Spark SQL1.2 combined with HDP2.2

Last Update:2015-05-02 Source: Internet

Author: User

Tags databricks

Developer on Alibaba Coud: Build your first app with APIs, SDKs, and tutorials on the Alibaba Cloud. Read more ＞

1.hbase the same Rowkey a research solution with multiple recording problems

VERSIONS = 3,hbase version inserts up to three records

There was a problem inserting the table "verticaldatatable" data from a cluster hbase into another table, there were more than 10 versions, but only 3 were inserted (or can be inserted successfully)

After the search was found because the table in the time, VERSIONS = 3 default is 3, VERSIONS is related to columnfamily so need to modify the VERSIONS property of the table ALTER TABLE {NAME = = ' columnfamily ', VERSIONS = ' 300 '} Useful:If the versions = 1 is inserted only one version, so that you can avoid the same rowkey in the case of duplicate records but usually when we do scan query: HBase in the use of Timerange and version

HBase (main):079:0> create ' scores ',{name=> ' Course ', versions=>2}//version 2hbase (main):080:0> put ' scores ', ' Tom ', ' Course:math ', ' the ':082:0> ' hbase (main) put ' scores ', ' Tom ', ' Course:math ', ' The ' HBase ' (main):026:0> scan ' Scores ' Row Column+cell Tom Column=course:math, timestamp=1394097651029, value=100 1 ROW (s) in 0.0110 seconds// The default scan out of hbase results in the last timestamp of the record HBase (main):032:0> scan ' scores ', {Versions=>2}row Column+cell Tom column=course: Math, timestamp=1394097651029, value=100 Tom column=course:math, timestamp=1394097631387, value=97 1 row (s) in 0.0130 sec onds//isolated Two records hbase (main):029:0> alter ' member ',{name=> ' info ', ' VERSIONS ' =>2}//modify VERSIONS

2.hive in-table deduplication solution

Insert Overwrite table store    select T.p_key,t.sort_word from       (select P_key,             sort_word,             row_number () Over (distribute by P_key Sort by Sort_word) as RN from       store) t

A typical table in hive, in addition to the weight of the wording, P_key for the addition of weight basis, Sort_word for the sort basis, generally for the time RN ranking.

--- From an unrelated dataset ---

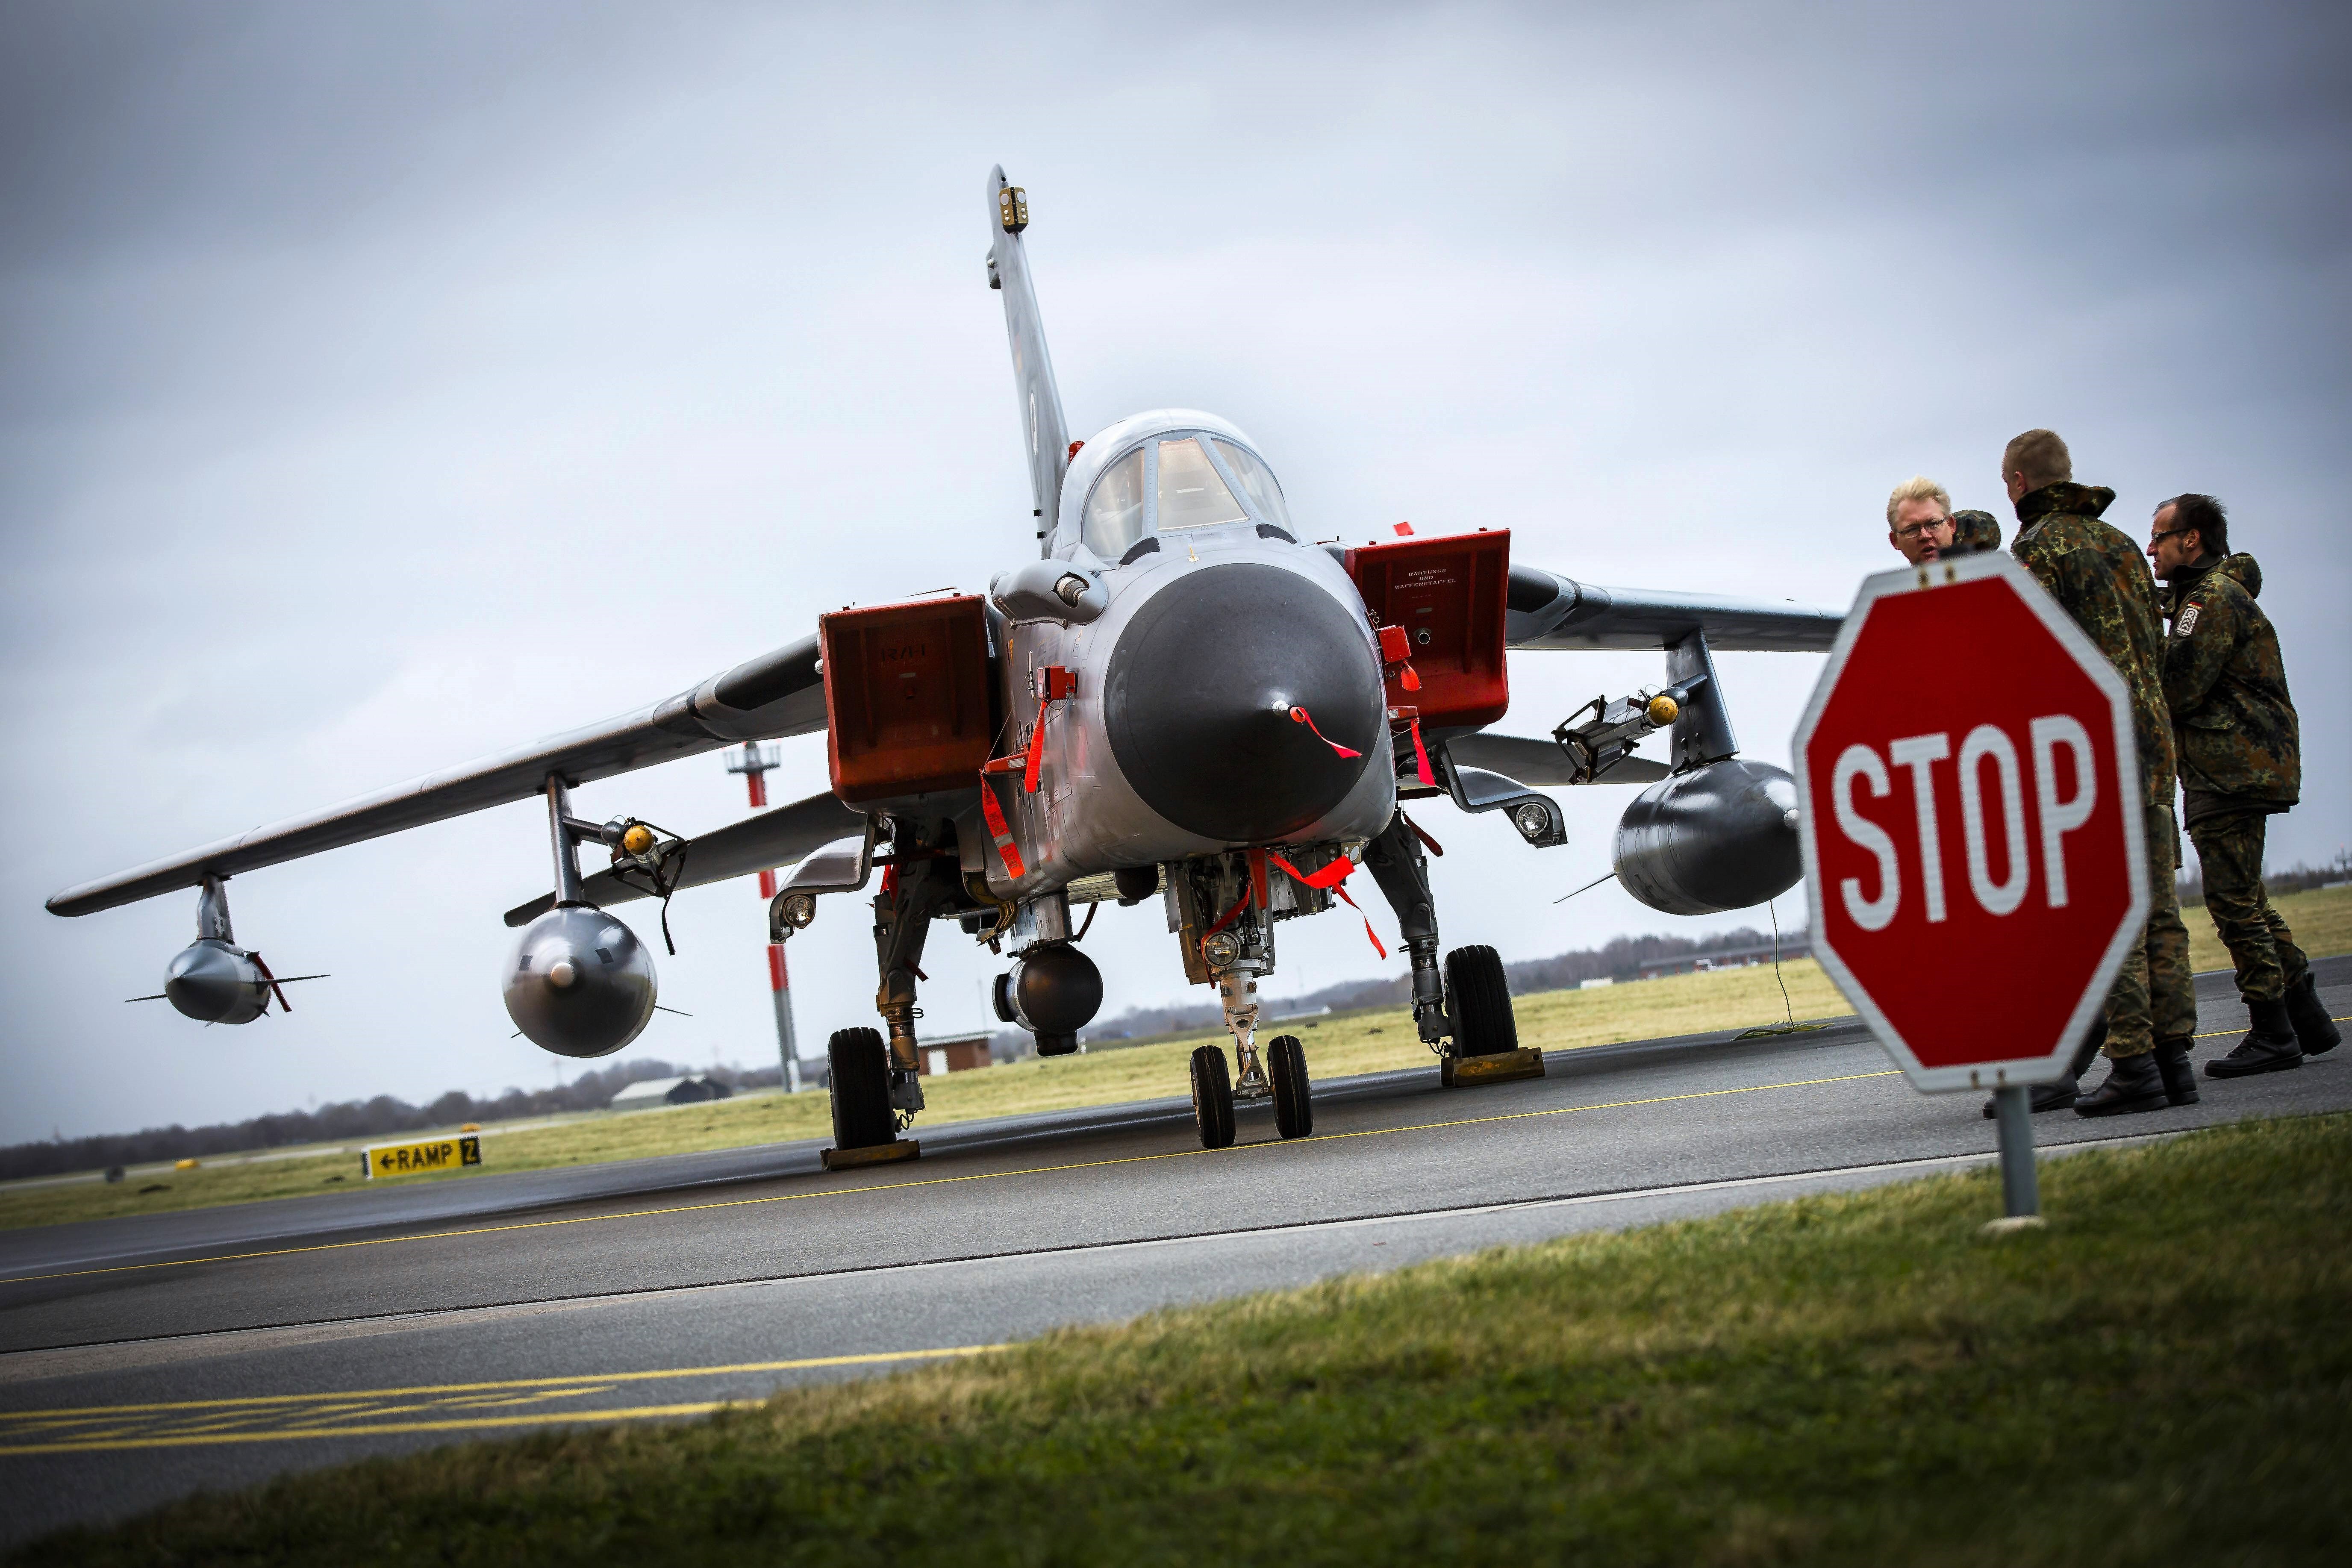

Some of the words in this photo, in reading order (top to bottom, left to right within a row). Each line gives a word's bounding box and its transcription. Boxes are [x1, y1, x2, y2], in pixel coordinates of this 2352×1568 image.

2. Research solutions for simultaneous extraction of multiple data sources using Sparksql historical data (DBMS) and Big data platform

On Spark Submit 2014, Databricks announced the abandonment of shark's development and turned to spark SQL on the grounds that shark inherited too much hive and optimized bottlenecks

March 13, 2015 Databricks release version 1.3.0, the biggest highlight of this release is the newly introduced Dataframe API reference here

Currently HDP has support for Spark 1.2.0 (Spark SQL generated in version 1.1.0)

Apache Spark 1.2.0 on YARN with HDP 2.2 example program in this

HDP2.2 supports Spark1.2.0, waits for test features, especially spark SQL, to understand the current version of the bug in advance

Data source Support:

The External data source API supports a variety of simple formats, such as JSON, Avro, and CSV, while also enabling intelligent support for Parquet, Orc, and so on, and through this API, Developers can also use JDBC to connect external systems such as hbase to spark. The external data source can be attached as a temporary table in the file system, reducing the full load of data over the tangled

Save Results:

Unified Load/save API

In Spark 1.2.0, there are not many convenient options to save the results in Schemardd. Some of the common ones include:

Rdd.saveasparquetfile (...)
Rdd.saveastextfile (...)
Rdd.toJSON.saveAsTextFile (...)
Rdd.saveastable (...)

Spark SQL cache tables must be in the form of cachetable ("TableName"), otherwise you will not be able to enjoy the series of benefits of Columnstore

Using the JDBC data source and the JSON data source to join tables together to find the traffic log fot the most Recen tly registered users.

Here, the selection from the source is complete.